After drinking the second serving of the Daime tea, I walked back into the yurt and took my place. I was sitting on the floor propped up against a back jack with my grandfather’s old World War I Army blanket folded into a pillow under my legs.

The second part of the service was devoted to healing. As I understand it, many people come to Santo Daime for help with addiction, chronic depression, and other serious conditions. We sang a hymn to Mãe Oxum (Mother Oshun), the divine spirit of love.

Oh take me home
Oh take me home
Oh Mãe Oxum
I ask you for my healing

The words of the hymn—Oh take me home… I’m here to love… I want to live—rose and fell within me like waves.
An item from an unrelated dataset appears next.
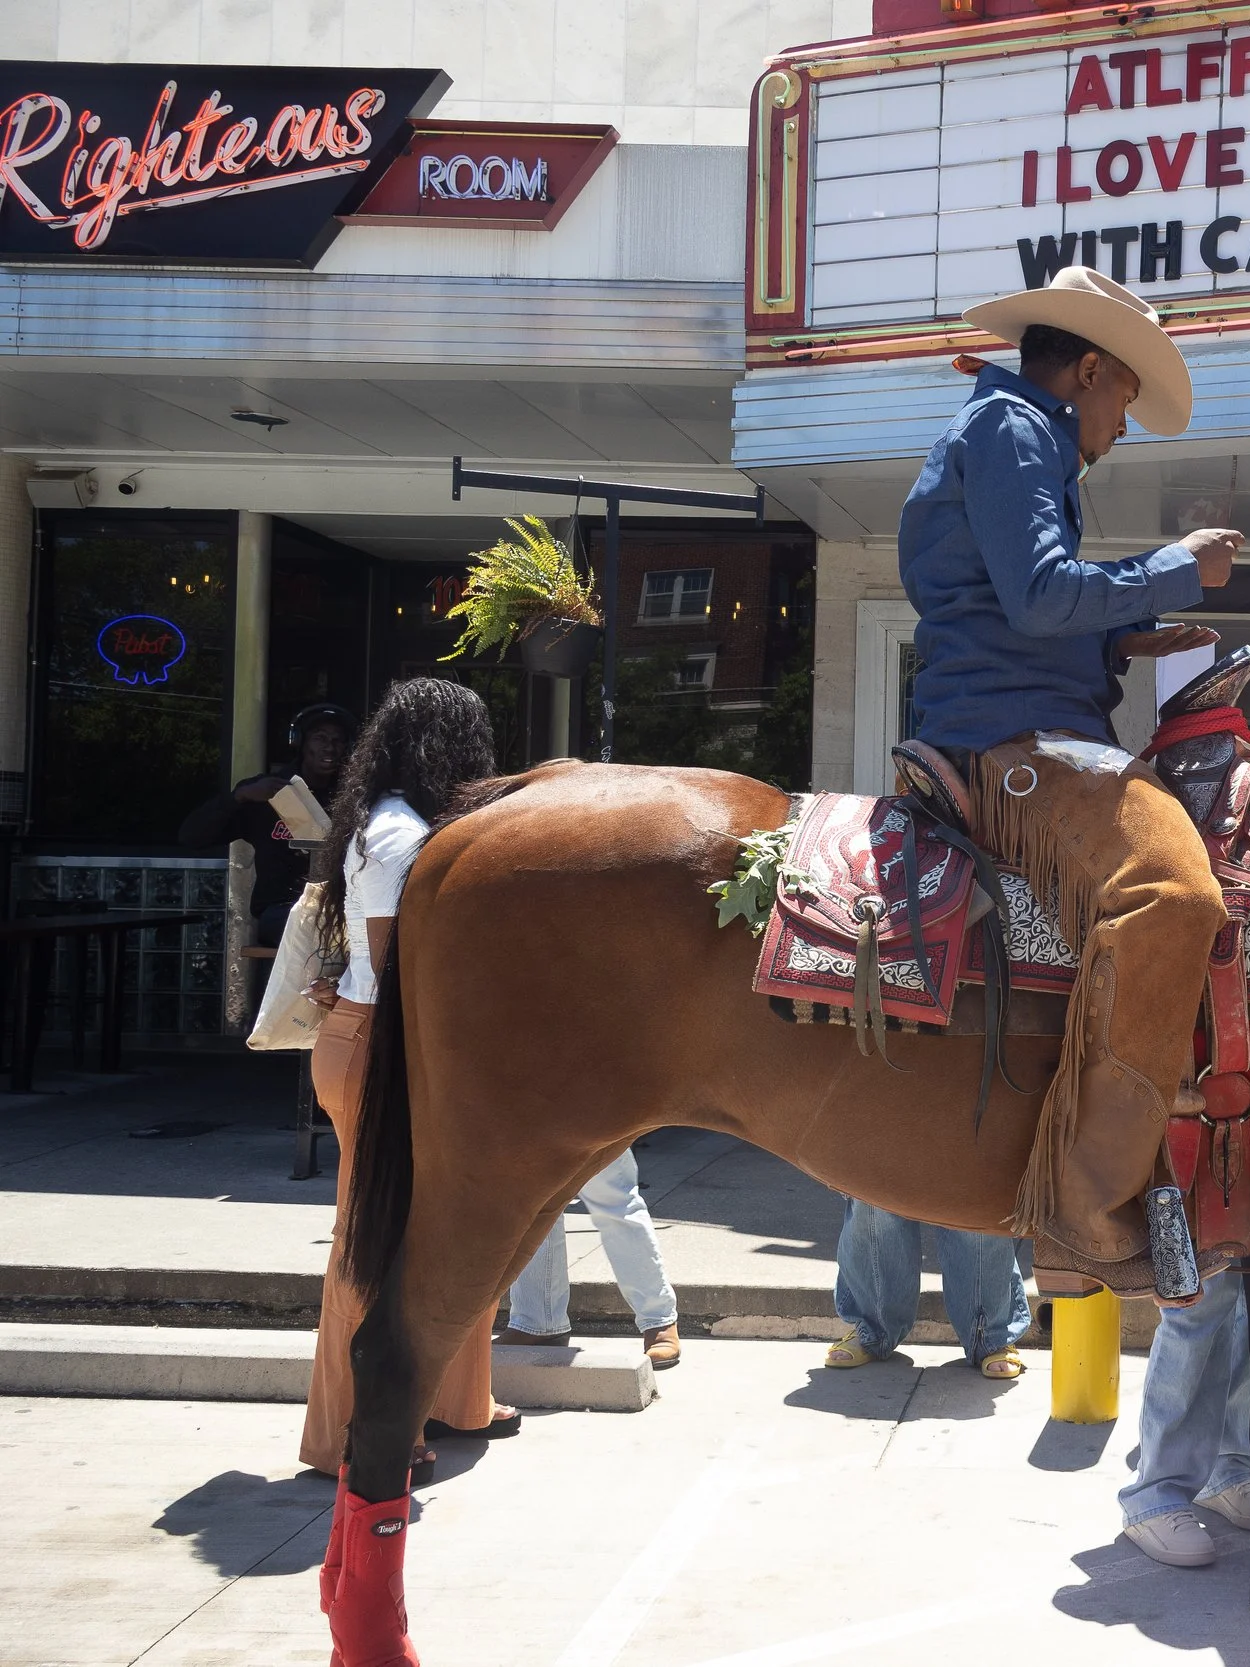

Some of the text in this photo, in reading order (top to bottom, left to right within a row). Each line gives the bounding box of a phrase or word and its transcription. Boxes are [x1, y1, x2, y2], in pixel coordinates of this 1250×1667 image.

Jonathan Goldman—the Padrinho or spiritual leader of the group—spoke about healing and freedom. He said that real freedom comes through forgiveness and the acceptance of the love of God. He said, “If you run away, you’re just making it worse.”

That’s when the system crashed.

It looked like a hammer smashing a plate glass window. It happened again right away, this time as the claws of a huge animal ripping through a thick barrier. Then a cloud of black smoke dissolving in the wind.

My inner monologue stopped. The barrage of words that had been chattering out of my brain on and on for sixty years came to a dead halt.

I looked down at the wreckage of my world, the remains of a towering wall I’d built to keep myself separate and alone. I saw the fragments of fear, anger, delusion, and every one of those endless words. It was all a trick and I was the trickster, the devil lying to myself.

Jonathan said, “The Daime creates a space, an empty, neutral space where things can happen.”

So it does. I prayed to God to fill the space with divine love. So it is.